Is false income data a symptom of an industry that has run its course?
Could the scandal at Home Capital just be the beginning? The Canadian alternative mortgage company halted its shares after it was revealed that some of its brokers had been falsifying information on the income of mortgage customers.
As the soaring housing markets in Alberta and Saskatchewan go off the boil, a gradual weakening in Canada’s roaring real estate business may reveal more irregularities in the market.
It is a phenomenon we have seen happen so frequently that the uncovering of scandal in a market is often seen as a cause rather that a symptom of a market’s decline. Sometimes they go hand in hand.
On a conference call yesterday Home Capital CEO Gerald Soloway insisted that the problem with its brokers was not an indication of a mortgage fraud crisis across Canada. Home Capital’s delinquencies remain low, and the company says it has stopped doing business with the brokers that investigators had shown to be pretending customers’ income qualified them for mortgages.
Pressure to succeed
It is hard to draw a direct line of cause and effect between the first few scandals in a weakening market and that weakening.

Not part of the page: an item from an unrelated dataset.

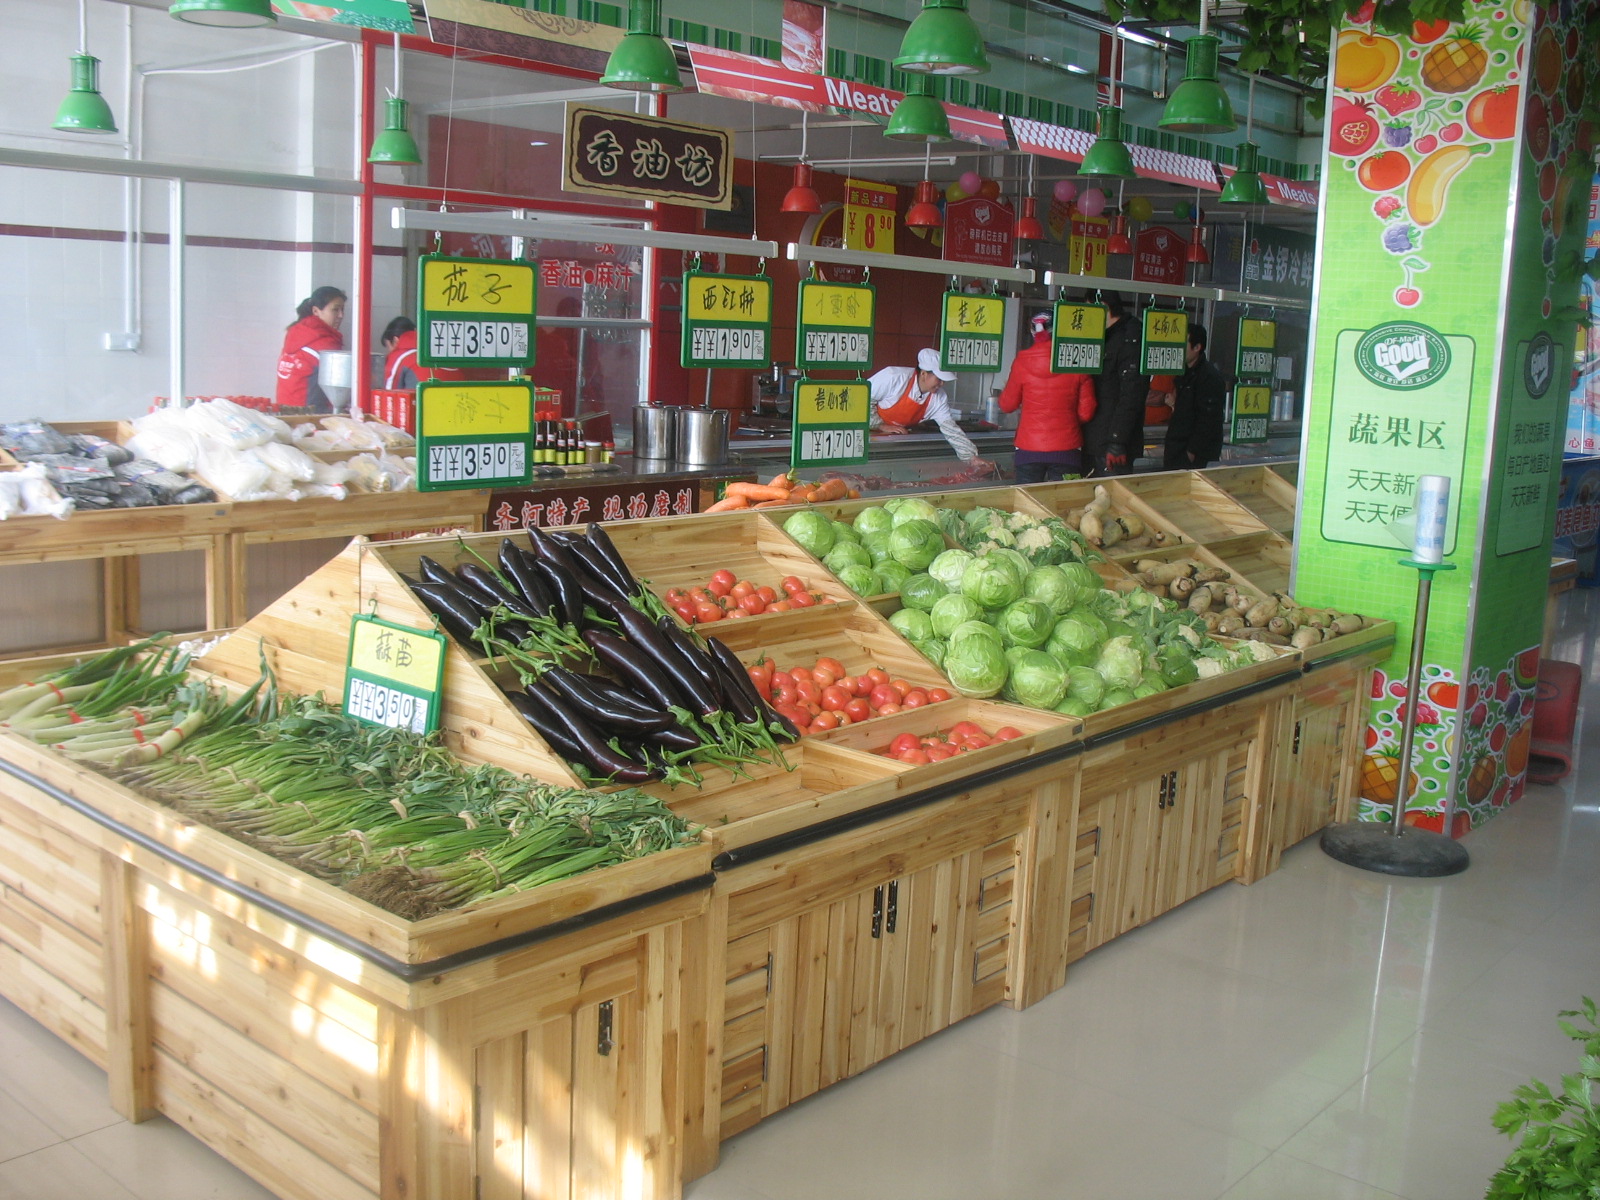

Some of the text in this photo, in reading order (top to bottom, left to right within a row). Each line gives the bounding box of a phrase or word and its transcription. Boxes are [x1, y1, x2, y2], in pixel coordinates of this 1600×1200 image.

But as markets get into trouble, more and more accounts get shuffled off to the riskier end of the business. Pressure to succeed intensifies. People trying to make a living are more willing to take shortcuts. And it is only as the markets weaken that shortcuts — or outright fraud — are revealed.
There are many examples but the most notorious case is Bernie Madoff, author of what many consider be the biggest swindle in U.S. history. Madoff’s scheme was to accept investors’ money and falsify the income statement on their investment returns. Even as other funds began to do badly, Madoff’s remained strong.